**Your goal**
Pictures aside, copy every record word for word.

START Supplied records

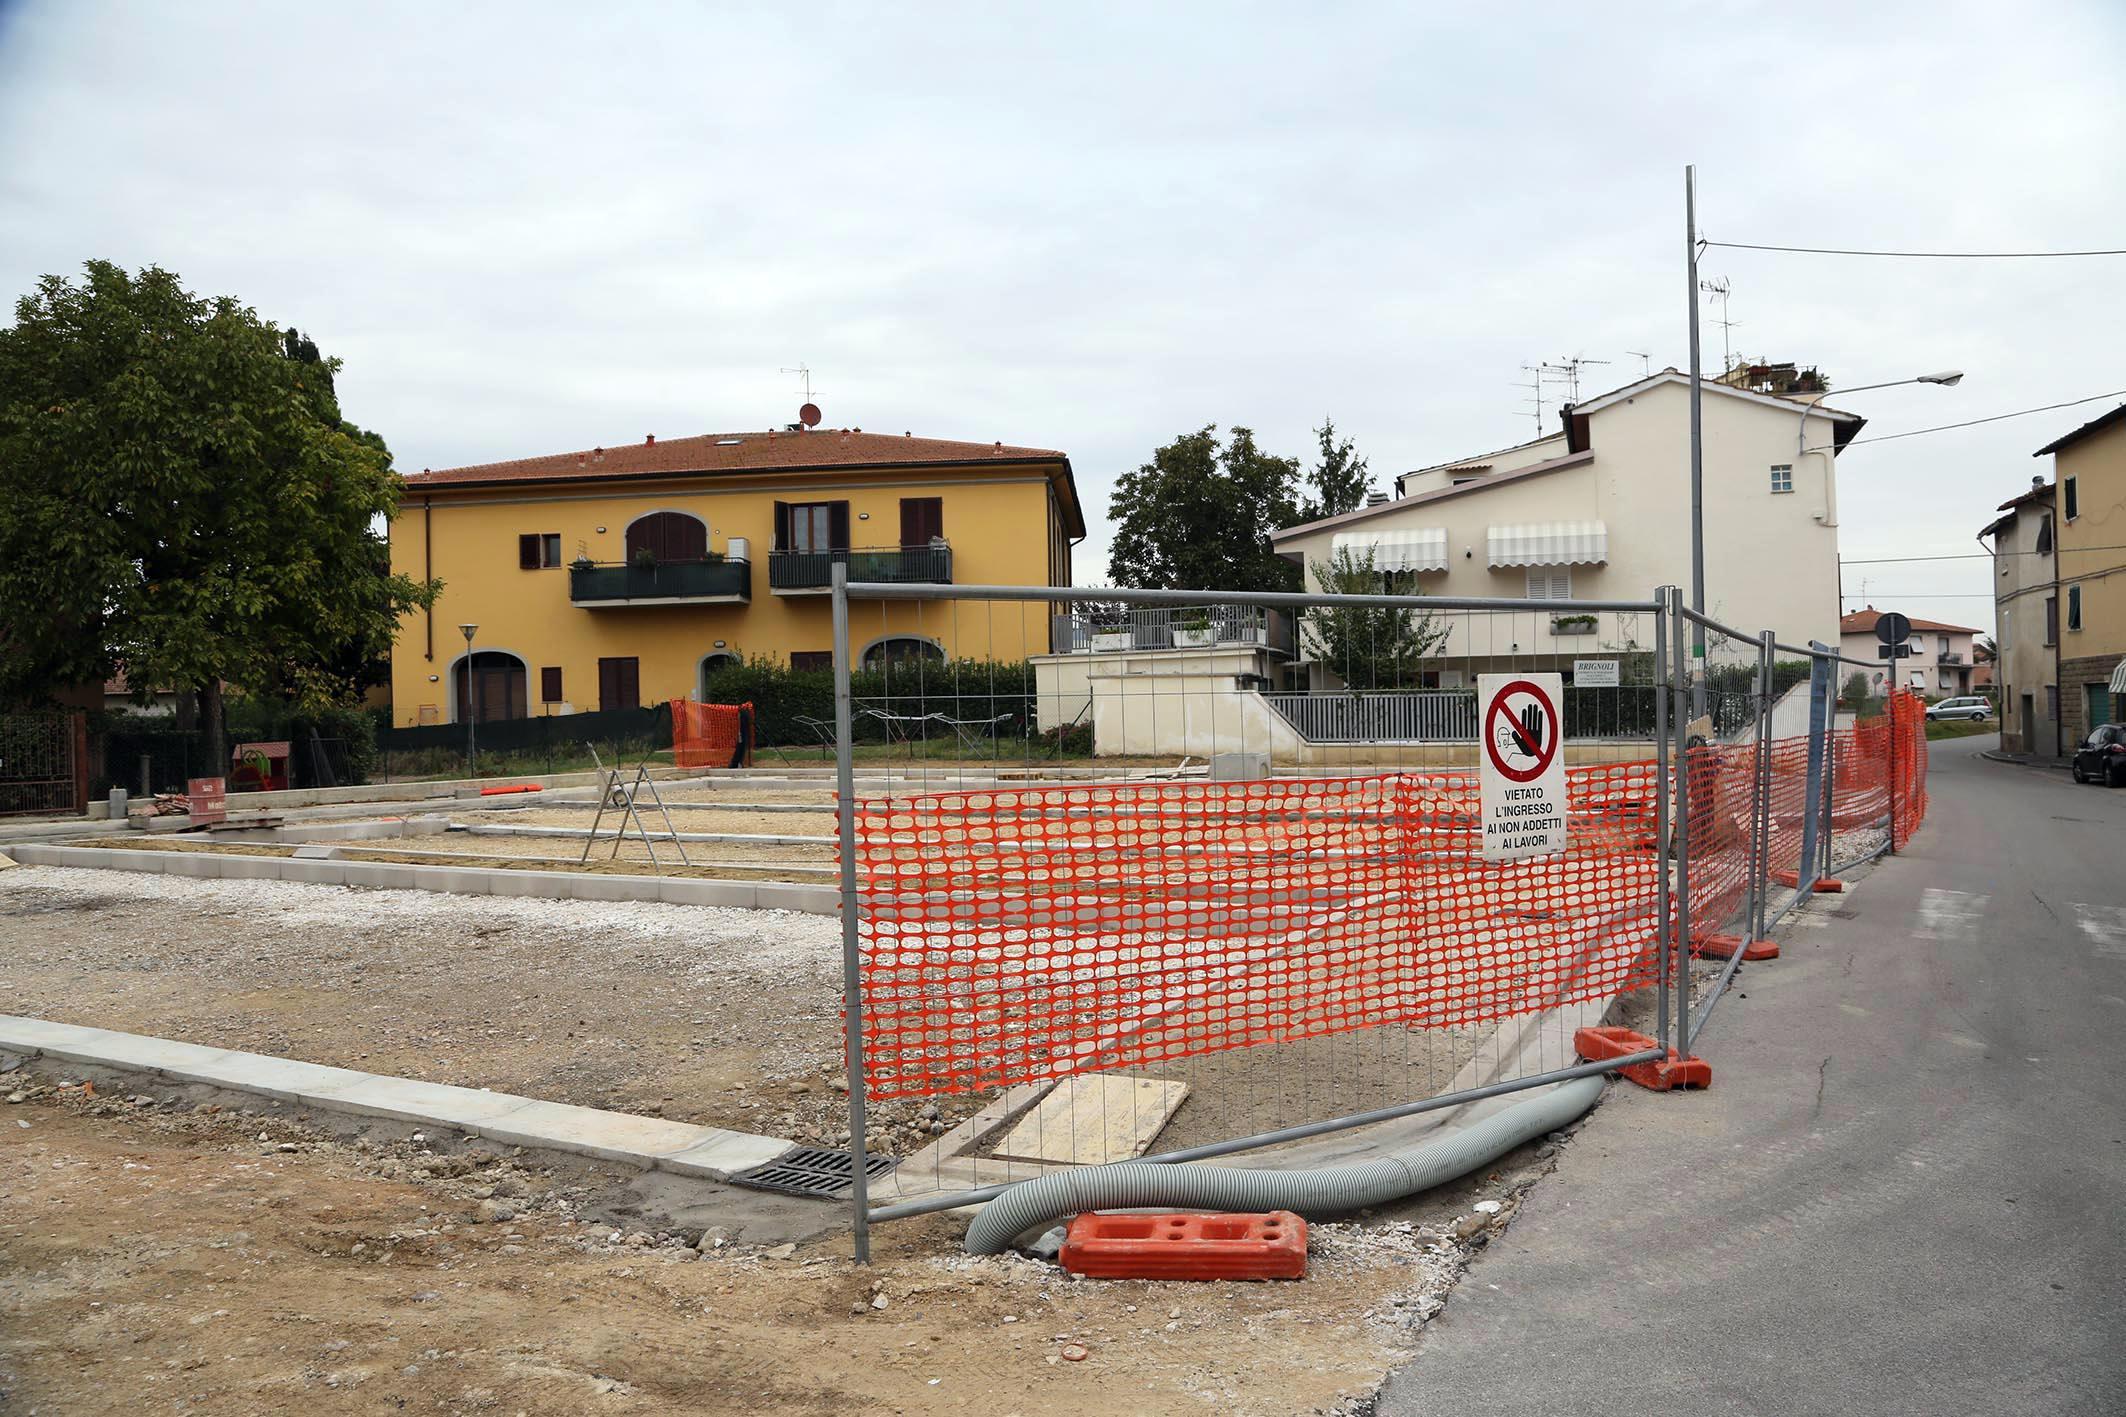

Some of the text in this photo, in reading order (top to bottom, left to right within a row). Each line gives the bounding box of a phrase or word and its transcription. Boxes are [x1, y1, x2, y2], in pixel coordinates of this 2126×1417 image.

[1578, 662, 1615, 671] BRIGNOLI
[1504, 787, 1544, 801] VIETATO
[1495, 802, 1553, 818] L'INGRESSO
[1487, 818, 1562, 835] AI NON ADDETTI
[1502, 834, 1548, 850] AI LAVORI

END Supplied records

**Answer for this exercise**
Some of the text in this photo, in reading order (top to bottom, left to right within a row). Each line gives the bounding box of a phrase or word and its transcription. Boxes are [x1, y1, x2, y2], in pixel coordinates of this 2126×1417 image.

[1578, 662, 1615, 671] BRIGNOLI
[1504, 787, 1544, 801] VIETATO
[1495, 802, 1553, 818] L'INGRESSO
[1487, 818, 1562, 835] AI NON ADDETTI
[1502, 834, 1548, 850] AI LAVORI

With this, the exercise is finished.